Monday, November 8, 2010

The Spanish Pyrenees to Perpignan France



The highlight of Ed's and my recent trip to Spain was hiking in the Pyrenees which we in fact decided to do at the last minute after Condor was hauled on September 2nd due to hurricane warnings for Earl.  With the boat high and dry and no tickets yet for the conference in Perpignan where Ed was to give a paper, we decided to go 5 days early and drive from Barcelona to Perpignan via Torla and Espot.

"Old Man", upper left
TORLA: We arrived in Torla on Thursday September 16th, after a lunch stop at the Medevial city of Ainse which we found quite serendipitously. The following day we had a magnificent hike in Parque Nacional de Ordesa. The day was overcast and clouds blew in and out as we crossed the Rio Arazas and climbed steeply (600 meters vertical) through the woods on the Senda de los Cazadores (Hunter's Path) on the valley's south side. We reached a point which reminded us of the Old Man of the Mountain (NH) then a overlook on top of the "head of the Old Man".






Cola del Caballo
From there we followed the Faja de Pelay (mostly level or downhill) to the Circo de Soaso and the Cola del Caballo (Horsetail) waterfall.  We returned by the path along the valley floor passing several other waterfalls before being caught in a drenching rain storm which continued the last half hour of our 12 km hike.  By the next morning the weather had improved and we hiked up to the waterfalls we had missed in our run in the rain. We stayed at the Hotel Abetos in a room with a beautiful view toward the mountain and ate both nights at El Duende (good regional food) as the town is small with not a lot of interesting options.




Looking up Circo de Soaso



Falls in the Valley
                                                                                                                 
Estany L'Amitges
ESPOT:   On Saturday afternoon we drove through several mountain passes, one in thick fog to Espot.  The Hotel Surat where we stayed, the original hotel in Espot, shows it age. Our room was clean and had a view of the mountains but the large dining room was used only for breakfast (most likely still open in season). Tired, we opted for pizza in their crowded grill. The following morning we took a jeep taxi (leaves from the center of town as soon as it is filled with 6 passengers) to Estany de Sant Maurici (part of Parc Nacional D'Aiguestortes I Estany de Sant Maurici).  From here we headed up the trail to Port de Ratera d' Espot. We followed the directions downloaded from the Lonely Planet.

Port de Ratera d'Espot


Jeep tours go to the first part of the trail and continue around the lake so this part of the trail is wide, easy and crowded until the fork soon after Estany de Ratera.  Here we took the right fork and hiking became steeper and rockier.  If Ordesa is a hike of waterfalls, this is certainly a hike of lakes; an occasional waterfall but well over a dozen beautiful blue lakes. We continued across some rocky scree to Refugi d'Amitges then to Port de Ratera d' Espot where we ate lunch. Returning, we took the right hand forks so repeated  little of the first part of the 14.5 km hike.  For dinner we tried Hotel Roya which had a very good regional menu.  Ed had an excellent Andalusian gazpacho and I had my first taste of salt cod with tomatoes (served cold as an entree) which was very good both entrees followed by lamb.

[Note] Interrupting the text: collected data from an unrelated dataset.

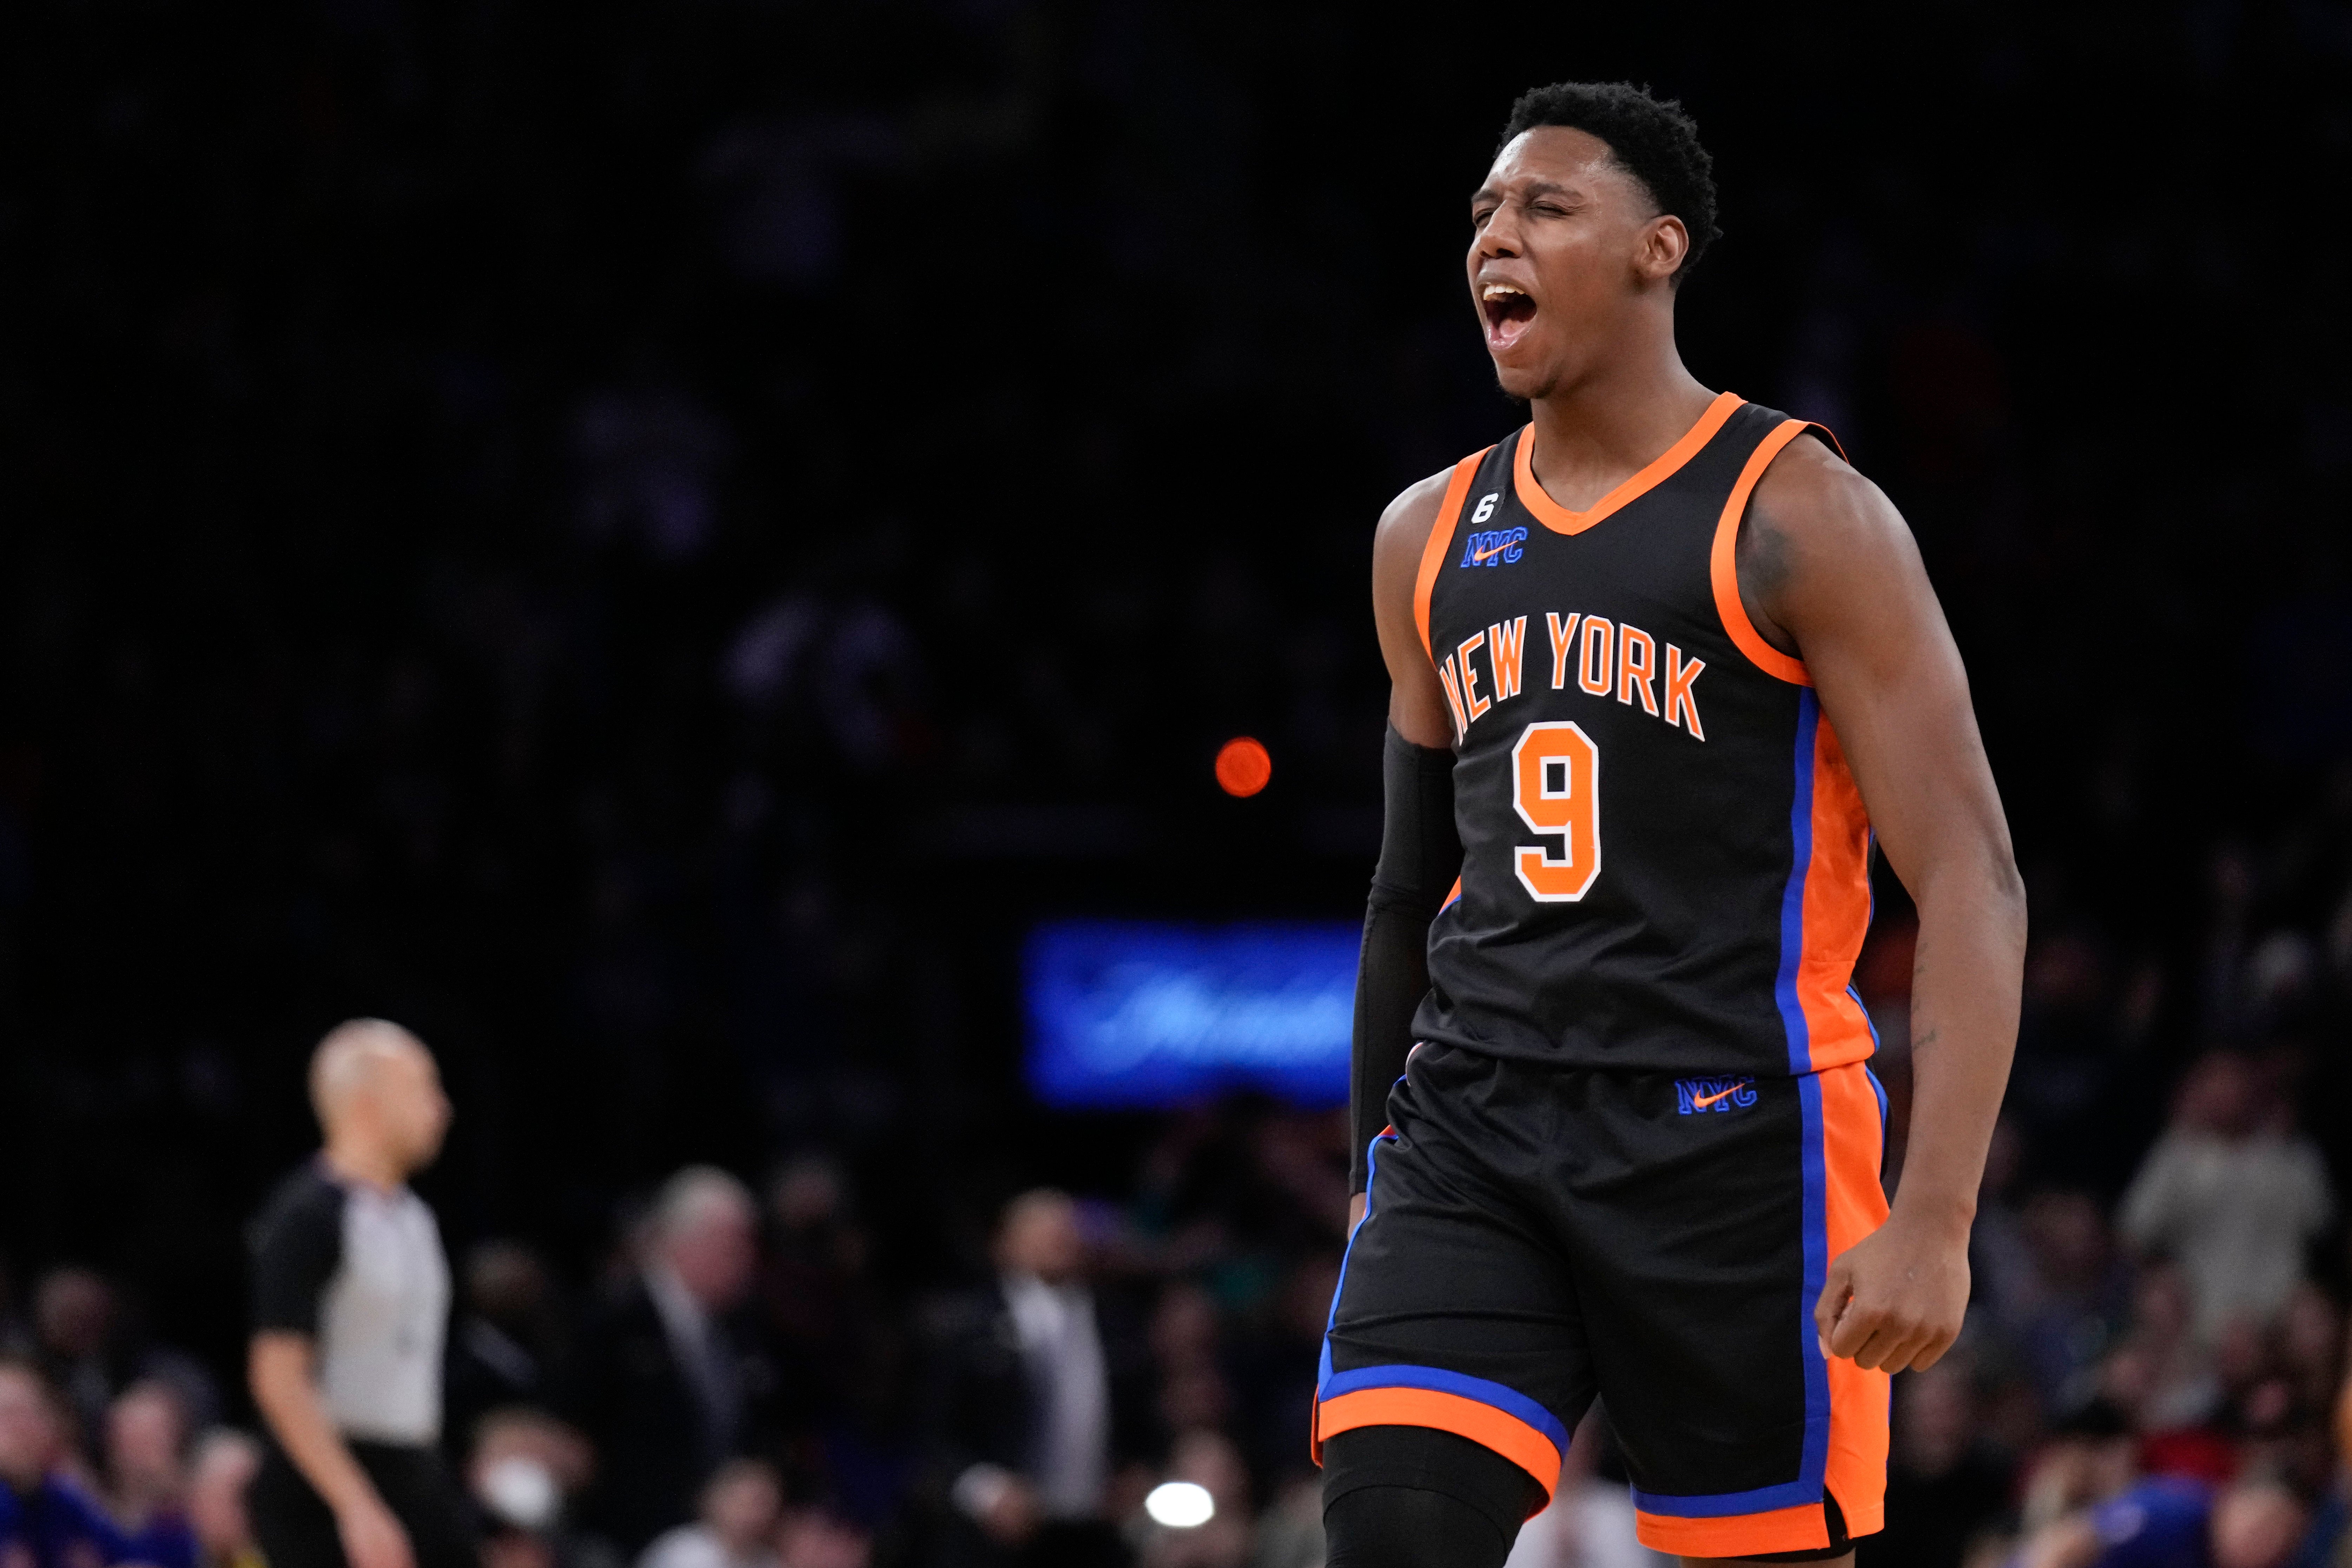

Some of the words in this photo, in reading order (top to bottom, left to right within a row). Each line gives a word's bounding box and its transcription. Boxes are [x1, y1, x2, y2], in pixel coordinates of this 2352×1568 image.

[1471, 492, 1499, 524] 6
[1460, 526, 1528, 568] NYC
[1439, 615, 1527, 746] NEW
[1546, 612, 1706, 742] YORK
[1512, 721, 1601, 902] 9
[1674, 1074, 1757, 1115] NYC

PERPIGNAN: Monday morning we drove through more mountain passes to Perpignan.  Following his Garmin Ed wound up in the narrow streets of the old city. After a very challenging u-turn we headed to the parking garage then walked to Hotel de Loge. This is a  restored mansion in the heart of the old city.  It apparently fell into some disrepair under the former owners but the new owners, Mireille and Herve Barruad have done an excellent job restoring the public spaces.  The bedrooms could still use some refurbishment but the Barruad's  helpfulness more than compensated for the worn carpets.  They recommended two excellent restaurants, Le Figuier and La Table (now closed).  Monday night was business and mediocre tapas. On Tuesday night we ate at Le Figuier and I had a white fish on potatoes with an aioli topping; very good.  I'm tempted to try it at home but somewhat deterred by the requisite butter.  The show stopper was the fig tart; a pastry shell with whole poached figs. Figs have a very limited season but I was able to find some when I returned home and did a yummy poached fig dessert.  The next night we attended the conference banquet. I never look forward to these events and was pleasantly surprised.

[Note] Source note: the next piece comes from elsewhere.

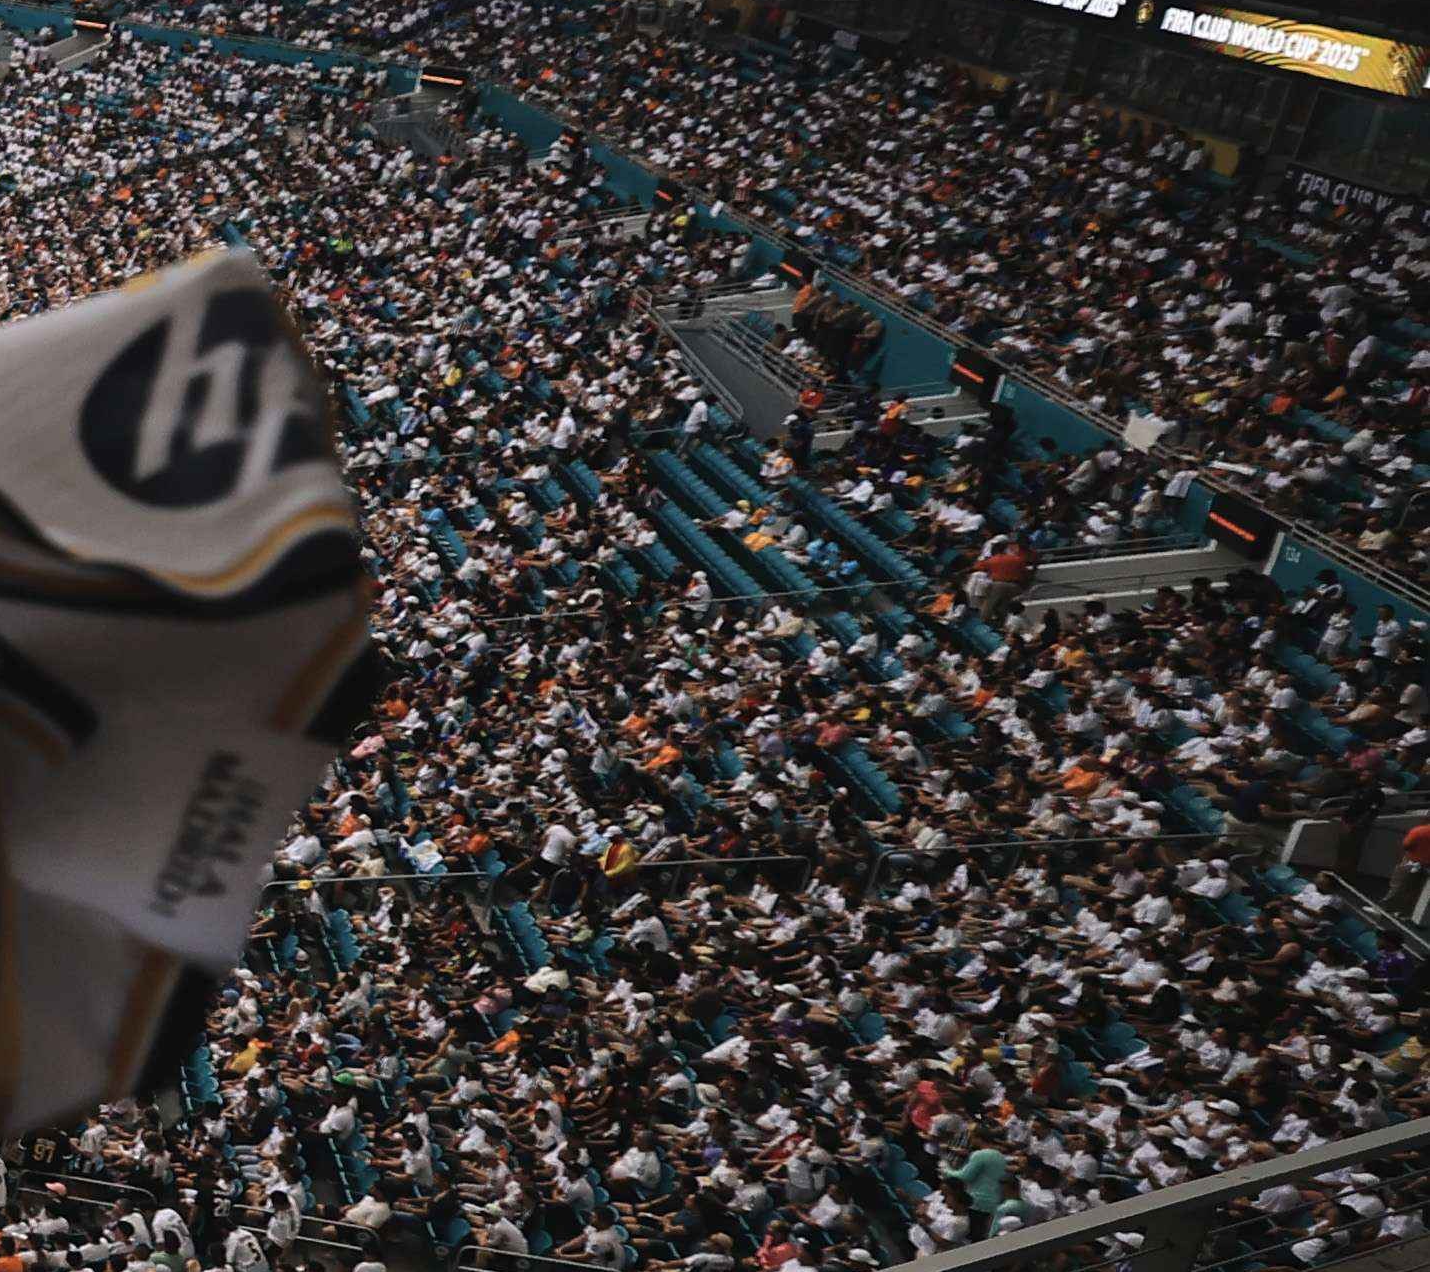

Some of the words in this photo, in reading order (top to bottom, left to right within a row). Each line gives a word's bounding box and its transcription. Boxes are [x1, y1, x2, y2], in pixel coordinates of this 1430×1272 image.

photo © 2010 Edward C. Kern, Jr.
The banquet was in an old Gothic church that had been stripped of all things religious. Colored lights played on the stone walls and a dance band played in the distance so we could talk above the music.  The food was excellent as was the conversation since we sat at a table with some of Ed's younger clients. On Thursday night we went to La Table, a newly opened bar and restaurant.  I had fish with crispy leeks on top and Ed had fish on a bed of potatoes topped with a pastry lattice and mushroom sauce.  I have since done a similar dish at home (minus the pastry lattice which Ed keeps asking for). 

Reviewed 9/20/2017


Sunday, November 7, 2010

Two Days in DC




Ed and I spent a few days last week in DC - he on business, me for fun.  We drove down on Sunday, meeting Christopher at Vesylka in his old East Village neighborhood for brunch (his breakfast, our lunch). The company was awesome and the borscht did not disappoint.

On Monday I had a long walk enjoying the unseasonably warm weather and caught a view of the White House vegetable garden. Happiness turned to sadness as I walked along the Vietnam War Memorial, so many names... and thought of the next memorial we will soon be building, so many names, so young and so many permanenly disabled.... That evening Ed and I went to the Smithsonian American Art Museum and saw a special exhibit (runs through January 2, 2011): "Telling Stories: Norman Rockwell  from the Collections of George Lucas and Stephen Speilberg" before having a tapas dinner at Zaytinya  (Turkish, Greek and Lebanese inspired cuisine). The Garides me Anitho, (sauteed shrimp, dill, shallots, mustard, lemon juice), was especially good.  Marine 1 and two escort helicopters flew directly over our heads as we crossed the Ellipse walking back to the hotel, Marine 1 then landing on the South Lawn.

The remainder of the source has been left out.